Sobre as disposições legais da Lei nº 10.216/2001, é INCORRETO afirmar que:
- A)O paciente deve receber o maior número de informações a respeito de seu diagnóstico.
Está certa, porque a Lei nº 10.216/2001 assegura ao paciente o direito de ser informado sobre sua doença, tratamento, riscos, benefícios e formas de assistência.
- B)É proibida a internação compulsória.
Está errada, porque a lei admite internação compulsória, desde que determinada pelo Judiciário, não sendo ela proibida.
- C)Essa lei é conhecida como Lei Paulo Delgado.
Está certa, pois a Lei nº 10.216/2001 é conhecida como Lei Paulo Delgado.
- D)A pessoa portadora de transtorno mental deve ser tratada preferencialmente em serviços comunitários de saúde mental.
Está certa, porque a lei determina tratamento preferencial em serviços comunitários de saúde mental, sempre que possível.
- E)O tratamento visa à reinserção social do paciente.

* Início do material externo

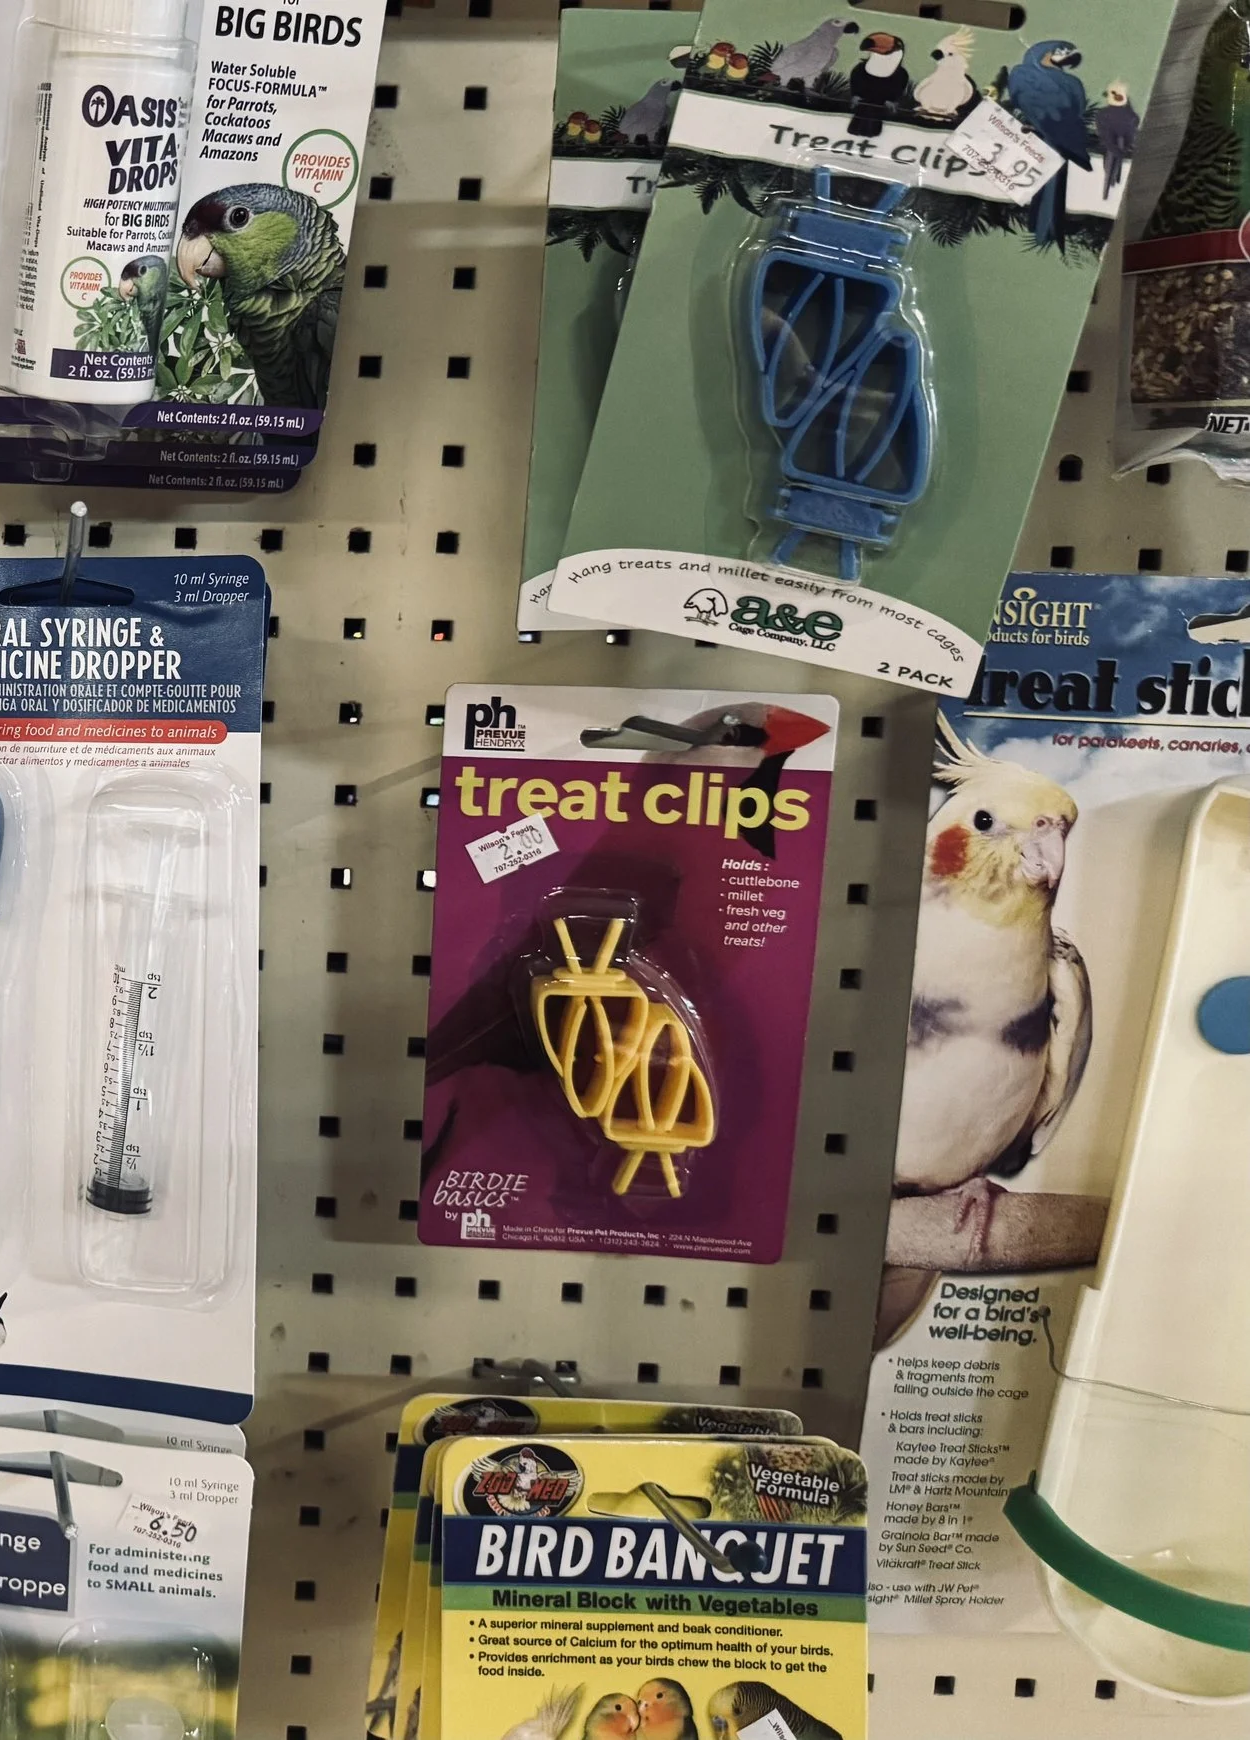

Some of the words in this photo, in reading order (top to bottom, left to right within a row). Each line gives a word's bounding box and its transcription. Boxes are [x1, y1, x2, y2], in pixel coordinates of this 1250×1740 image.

[216, 6, 265, 39] BIG
[273, 11, 362, 47] BIRDS
[205, 112, 270, 129] Cockatoos
[202, 129, 253, 144] Macaws
[256, 133, 282, 146] and
[770, 124, 877, 159] Treat
[199, 145, 258, 161] Amazons
[174, 574, 187, 585] 10
[190, 573, 205, 584] ml
[208, 573, 249, 587] Syringe
[174, 591, 181, 602] 3
[185, 590, 199, 602] ml
[203, 591, 249, 605] Dropper
[567, 559, 612, 583] Hang
[618, 557, 673, 572] treats
[679, 559, 711, 575] and
[717, 562, 769, 582] millet
[775, 575, 825, 596] easily
[831, 587, 873, 609] from
[878, 603, 922, 630] most
[926, 624, 965, 664] cages
[40, 618, 141, 647] SYRINGE
[150, 626, 164, 646] &
[728, 621, 758, 637] Cage
[71, 650, 181, 679] DROPPER
[878, 662, 890, 673] 2
[898, 667, 952, 688] PACK
[26, 723, 54, 736] food
[57, 724, 81, 736] and
[84, 725, 146, 737] medicines
[151, 726, 163, 737] to
[168, 726, 217, 738] animals
[476, 730, 525, 739] PREVUE
[476, 739, 524, 747] HENDRYX
[455, 767, 630, 822] treat
[643, 772, 812, 839] clips
[729, 876, 799, 888] cuttlebone
[728, 891, 763, 901] millet
[727, 905, 759, 916] fresh
[762, 909, 786, 920] veg
[941, 1282, 1041, 1304] Designed
[934, 1303, 962, 1319] for
[965, 1308, 980, 1320] a
[929, 1324, 1038, 1346] well-being.
[752, 1464, 839, 1496] Vegetable
[756, 1476, 829, 1507] Formula
[476, 1525, 593, 1577] BIRD
[88, 1560, 118, 1572] food
[124, 1565, 148, 1575] and
[154, 1568, 222, 1581] medicines
[88, 1579, 101, 1588] to
[106, 1579, 154, 1592] SMALL
[159, 1584, 216, 1598] animals.
[493, 1590, 571, 1609] Mineral
[577, 1592, 637, 1610] Block
[647, 1595, 693, 1611] with
[698, 1597, 818, 1617] Vegetables
[479, 1635, 509, 1645] Great
[513, 1635, 552, 1648] source
[555, 1636, 567, 1647] of
[570, 1636, 617, 1648] Calcium
[621, 1638, 636, 1648] for
[640, 1639, 658, 1649] the
[661, 1640, 712, 1652] optimum
[717, 1641, 752, 1652] health
[756, 1643, 767, 1653] of
[771, 1646, 797, 1656] your
[801, 1645, 833, 1656] birds.

Está certa, já que um dos objetivos do tratamento é a reinserção social do paciente.
Gabarito: B
A Lei nº 10.216/2001, conhecida como Lei Paulo Delgado, mudou o jeito de olhar para o tratamento em saúde mental no Brasil: a lógica deixou de ser a do isolamento e passou a priorizar cuidado, dignidade e reinserção social. Por isso, a regra é que a pessoa com transtorno mental receba tratamento, sempre que possível, em serviços comunitários de saúde mental, com foco na convivência familiar e social. A lei também garante que o paciente seja informado sobre sua doença e sobre o tratamento, de forma clara, para participar das decisões sempre que possível. Outro ponto central é que o tratamento deve buscar a reinserção social do paciente, e não apenas o controle dos sintomas. O erro da questão está na ideia de que a internação compulsória é proibida. Isso não é verdade. A Lei nº 10.216/2001 prevê três tipos de internação: voluntária, involuntária e compulsória. A internação compulsória existe, sim, mas depende de decisão judicial, conforme o art. 6º da lei. Então, se a banca disser que toda internação compulsória é vedada, desconfie na hora: a lei não acabou com essa modalidade, apenas a colocou como medida excepcional e controlada.